I also can't help but wonder, could trees even use iron if it was plentiful in the upper crust? You need a lot of energy to separate iron oxide into elemental iron. Betting against what evolution can make is usually a bad idea, but that would be a neat trick.
There are a few such facts about the history and the diversity of the world in which we live that deserve to be known by more people.
It's an artful balance that is so rare—especially online—that I think some of us just savor it when we do find it. I actually went through your older comments (sorry) just to keep reading what you had to say...
At most there have been a few novels or movies that have attempted to describe less familiar landscapes, such as those that could be encountered on the satellites of Jupiter or Saturn.
There have been a few SF stories about planets made of some exotic materials, like diamond or some metals or some superheavy elements, but those were complete fantastic stories without any scientific base and the planets described there could not exist anywhere in the known universe.

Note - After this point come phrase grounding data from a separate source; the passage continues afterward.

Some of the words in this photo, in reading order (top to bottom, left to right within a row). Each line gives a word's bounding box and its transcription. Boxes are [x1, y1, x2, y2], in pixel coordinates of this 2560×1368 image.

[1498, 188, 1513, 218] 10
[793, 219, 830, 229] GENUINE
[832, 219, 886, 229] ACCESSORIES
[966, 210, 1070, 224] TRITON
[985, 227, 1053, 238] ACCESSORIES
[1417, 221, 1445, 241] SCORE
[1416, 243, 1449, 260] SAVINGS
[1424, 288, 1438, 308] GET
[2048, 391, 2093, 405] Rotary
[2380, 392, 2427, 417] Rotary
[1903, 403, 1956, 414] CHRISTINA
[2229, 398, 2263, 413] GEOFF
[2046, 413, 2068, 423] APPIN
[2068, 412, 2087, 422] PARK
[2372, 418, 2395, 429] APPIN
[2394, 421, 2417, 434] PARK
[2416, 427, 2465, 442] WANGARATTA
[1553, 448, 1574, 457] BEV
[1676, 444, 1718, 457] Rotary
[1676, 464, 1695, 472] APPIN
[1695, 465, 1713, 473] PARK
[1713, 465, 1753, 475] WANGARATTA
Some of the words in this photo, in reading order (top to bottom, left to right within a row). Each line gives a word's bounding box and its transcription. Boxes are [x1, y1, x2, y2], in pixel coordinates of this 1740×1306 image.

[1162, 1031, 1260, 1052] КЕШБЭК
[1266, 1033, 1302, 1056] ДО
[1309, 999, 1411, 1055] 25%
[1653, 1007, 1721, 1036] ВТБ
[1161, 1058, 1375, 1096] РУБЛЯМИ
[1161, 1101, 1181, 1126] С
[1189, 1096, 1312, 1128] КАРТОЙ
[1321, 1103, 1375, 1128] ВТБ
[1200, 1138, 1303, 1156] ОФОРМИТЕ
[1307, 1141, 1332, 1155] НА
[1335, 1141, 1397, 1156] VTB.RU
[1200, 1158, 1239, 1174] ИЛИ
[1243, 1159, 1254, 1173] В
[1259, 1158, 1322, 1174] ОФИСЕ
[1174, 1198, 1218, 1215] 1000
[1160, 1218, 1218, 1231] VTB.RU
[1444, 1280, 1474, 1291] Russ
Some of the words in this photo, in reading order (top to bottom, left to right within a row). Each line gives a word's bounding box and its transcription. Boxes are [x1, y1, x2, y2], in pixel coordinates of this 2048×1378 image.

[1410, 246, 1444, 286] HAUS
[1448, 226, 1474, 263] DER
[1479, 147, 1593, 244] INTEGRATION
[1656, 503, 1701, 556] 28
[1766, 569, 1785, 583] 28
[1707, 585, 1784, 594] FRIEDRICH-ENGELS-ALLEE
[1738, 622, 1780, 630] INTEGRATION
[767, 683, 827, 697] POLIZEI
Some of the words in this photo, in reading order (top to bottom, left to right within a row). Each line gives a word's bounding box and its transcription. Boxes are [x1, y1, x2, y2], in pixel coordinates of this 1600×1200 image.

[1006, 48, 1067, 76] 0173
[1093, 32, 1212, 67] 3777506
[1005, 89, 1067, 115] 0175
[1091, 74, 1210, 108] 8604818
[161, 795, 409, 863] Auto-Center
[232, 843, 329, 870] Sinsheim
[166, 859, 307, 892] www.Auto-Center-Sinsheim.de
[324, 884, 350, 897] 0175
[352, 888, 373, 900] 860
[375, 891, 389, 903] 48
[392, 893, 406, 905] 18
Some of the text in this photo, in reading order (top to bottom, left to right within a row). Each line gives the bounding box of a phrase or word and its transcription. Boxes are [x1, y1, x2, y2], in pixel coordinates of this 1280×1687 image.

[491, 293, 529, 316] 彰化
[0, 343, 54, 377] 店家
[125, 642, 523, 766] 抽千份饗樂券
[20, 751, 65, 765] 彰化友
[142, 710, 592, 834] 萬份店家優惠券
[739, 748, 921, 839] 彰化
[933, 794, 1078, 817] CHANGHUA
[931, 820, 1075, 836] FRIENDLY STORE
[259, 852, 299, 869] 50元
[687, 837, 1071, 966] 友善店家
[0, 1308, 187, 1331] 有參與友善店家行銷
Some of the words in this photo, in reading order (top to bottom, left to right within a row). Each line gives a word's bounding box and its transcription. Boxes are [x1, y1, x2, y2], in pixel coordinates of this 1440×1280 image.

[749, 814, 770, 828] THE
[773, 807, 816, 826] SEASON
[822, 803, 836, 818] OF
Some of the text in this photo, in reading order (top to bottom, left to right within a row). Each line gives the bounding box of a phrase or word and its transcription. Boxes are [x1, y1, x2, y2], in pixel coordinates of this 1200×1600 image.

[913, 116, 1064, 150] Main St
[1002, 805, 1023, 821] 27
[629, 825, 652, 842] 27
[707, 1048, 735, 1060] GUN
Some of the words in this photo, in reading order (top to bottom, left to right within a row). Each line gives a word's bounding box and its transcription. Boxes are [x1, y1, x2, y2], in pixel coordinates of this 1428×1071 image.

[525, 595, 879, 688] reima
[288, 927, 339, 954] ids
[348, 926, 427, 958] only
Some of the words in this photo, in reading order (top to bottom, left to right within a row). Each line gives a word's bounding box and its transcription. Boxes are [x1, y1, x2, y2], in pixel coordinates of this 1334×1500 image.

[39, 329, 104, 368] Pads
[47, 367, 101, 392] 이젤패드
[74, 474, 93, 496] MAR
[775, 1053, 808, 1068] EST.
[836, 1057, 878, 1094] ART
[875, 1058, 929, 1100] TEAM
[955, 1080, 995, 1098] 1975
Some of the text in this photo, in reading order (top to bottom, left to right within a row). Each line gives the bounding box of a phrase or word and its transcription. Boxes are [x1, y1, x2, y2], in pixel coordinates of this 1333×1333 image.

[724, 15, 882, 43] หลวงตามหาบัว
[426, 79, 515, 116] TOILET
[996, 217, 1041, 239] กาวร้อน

I am not aware of any novel or movie that has tried to show a completely alien planet, of the kind that could not exist in the Solar System, but which could really exist in other stellar systems. A planet from a stellar system with a high C/O ratio might have rocks made of abrasive carborundum (i.e. silicon carbide), an atmosphere composed of methane, carbon monoxide and carbon dioxide and an ocean containing a mixture of hydrocarbons, like some kind of petroleum.
If there would be life forms there, they could have very significant differences from the life forms that can appear in the stellar systems of the Solar type.
Here on Earth, an essential chemical property for life is the distinction between hydrophobic and hydrophilic substances, i.e. the fact that water and oil do not mix, which enables the existence of the cells of all living beings, which are made of hydrophobic membranes that partition a hydrophilic solvent. Perhaps on a planet with reversed abundances, where hydrocarbons are very abundant and water is scarce, one could have reversed cell structures, with a hydrophobic solvent partitioned by hydrophilic membranes, though it is not clear if such structures can be made stable. In such a place, most metals would be present in easy to reduce compounds, so living beings with metallic skeletons might exist. (Though at least for now, the appearance of life in such stellar systems seems less likely. In the terrestrial kind of planets, the energy flux for the appearance of life has been provided mainly by the free dihydrogen generated by the oxidation of Fe(II) ions to Fe(III) ions by water, in volcanoes and in hydrothermal vents. It is not known whether some equivalent energy source can exist in a place with little water, but abundant hydrocarbons.)
An SF novel or movie with such a subject, about the exploration of a completely unfamiliar world, could be interesting, but this kind of SF novels were written only up to around a half of century ago. Most modern SF novels or movies no longer try to analyze the consequences of intriguing scientific hypotheses, but they choose the lazier way of just transposing traditional fantastic stories into a pseudo-scientific framework.